* _YOUR TASK_
Make an exact copy of every entry, leaving the pictures out.

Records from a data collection
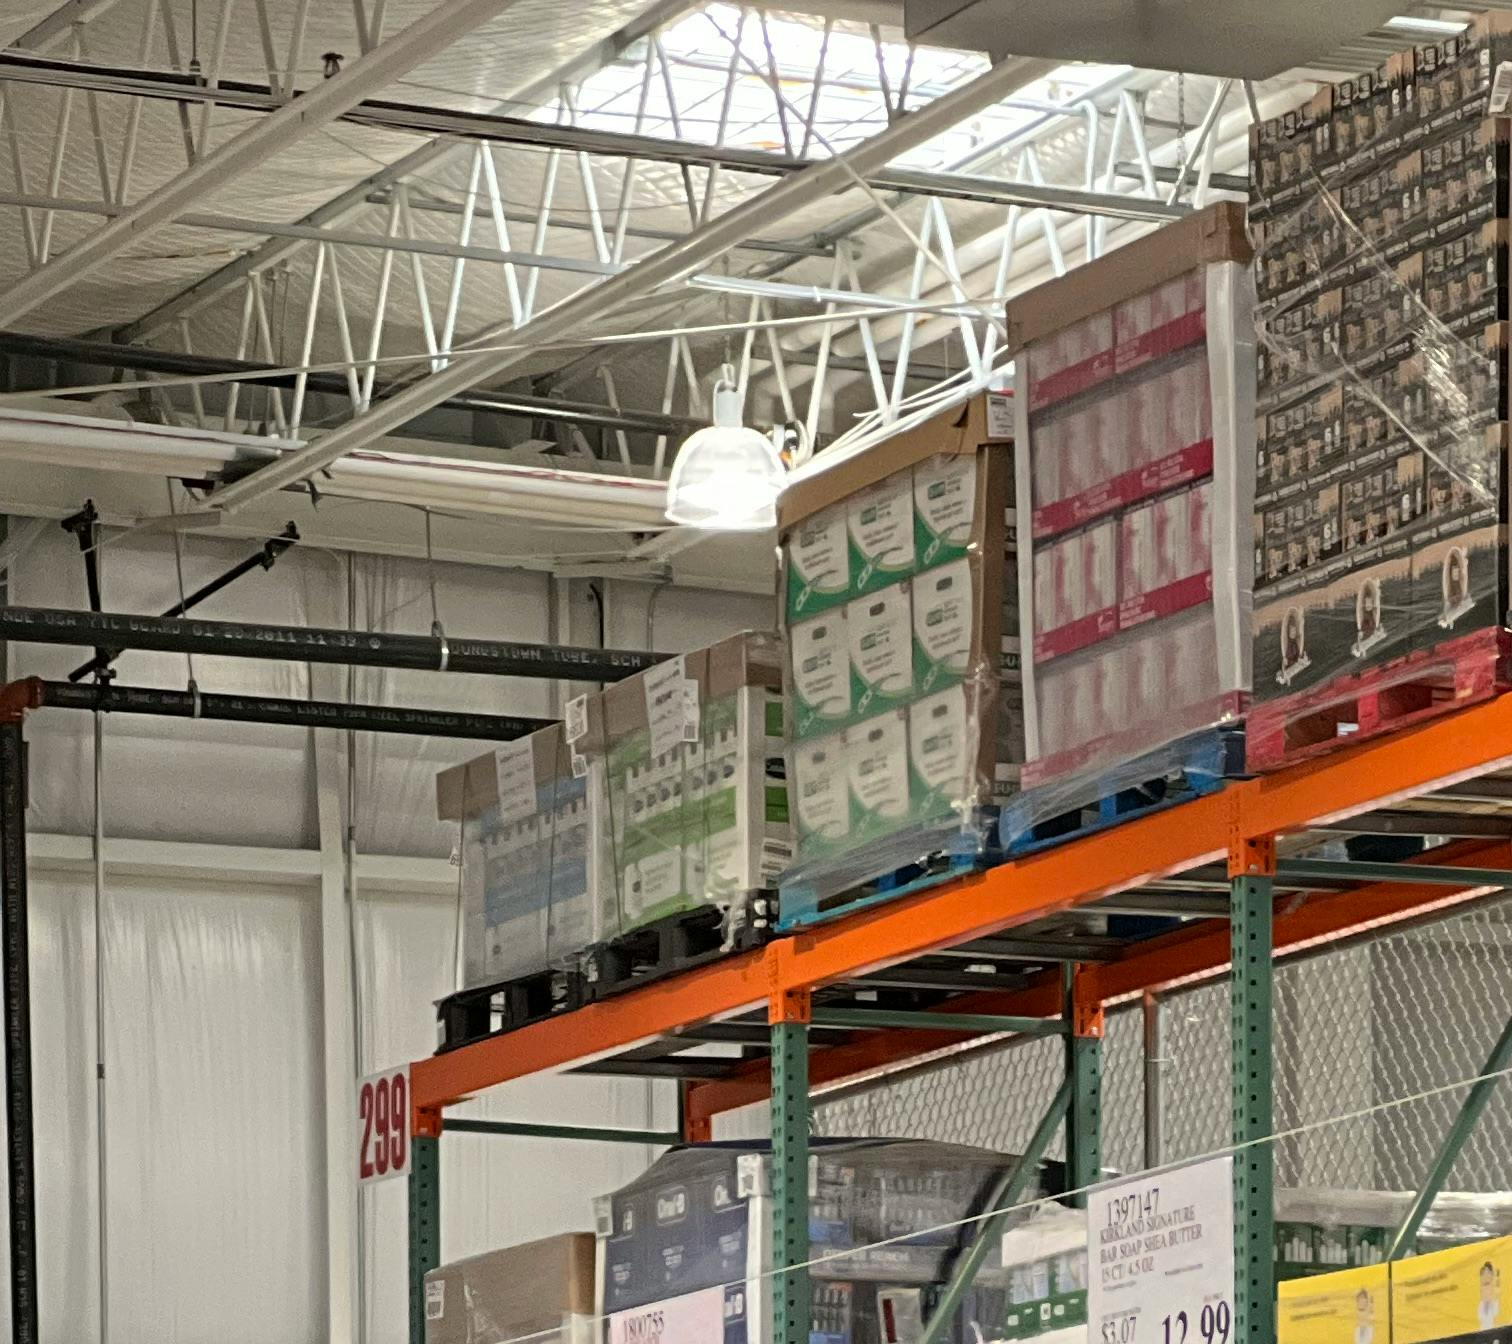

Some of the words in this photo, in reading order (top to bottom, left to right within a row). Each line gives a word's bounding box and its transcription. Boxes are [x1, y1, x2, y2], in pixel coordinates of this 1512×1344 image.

[360, 1073, 406, 1179] 299
[1107, 1188, 1159, 1226] 1397147
[1120, 1240, 1142, 1259] SOAP
[1144, 1233, 1166, 1254] SHEA
[1169, 1224, 1202, 1247] BUTTER

* _OUTPUT FOR THIS TASK_
Some of the words in this photo, in reading order (top to bottom, left to right within a row). Each line gives a word's bounding box and its transcription. Boxes are [x1, y1, x2, y2], in pixel coordinates of this 1512×1344 image.

[360, 1073, 406, 1179] 299
[1107, 1188, 1159, 1226] 1397147
[1120, 1240, 1142, 1259] SOAP
[1144, 1233, 1166, 1254] SHEA
[1169, 1224, 1202, 1247] BUTTER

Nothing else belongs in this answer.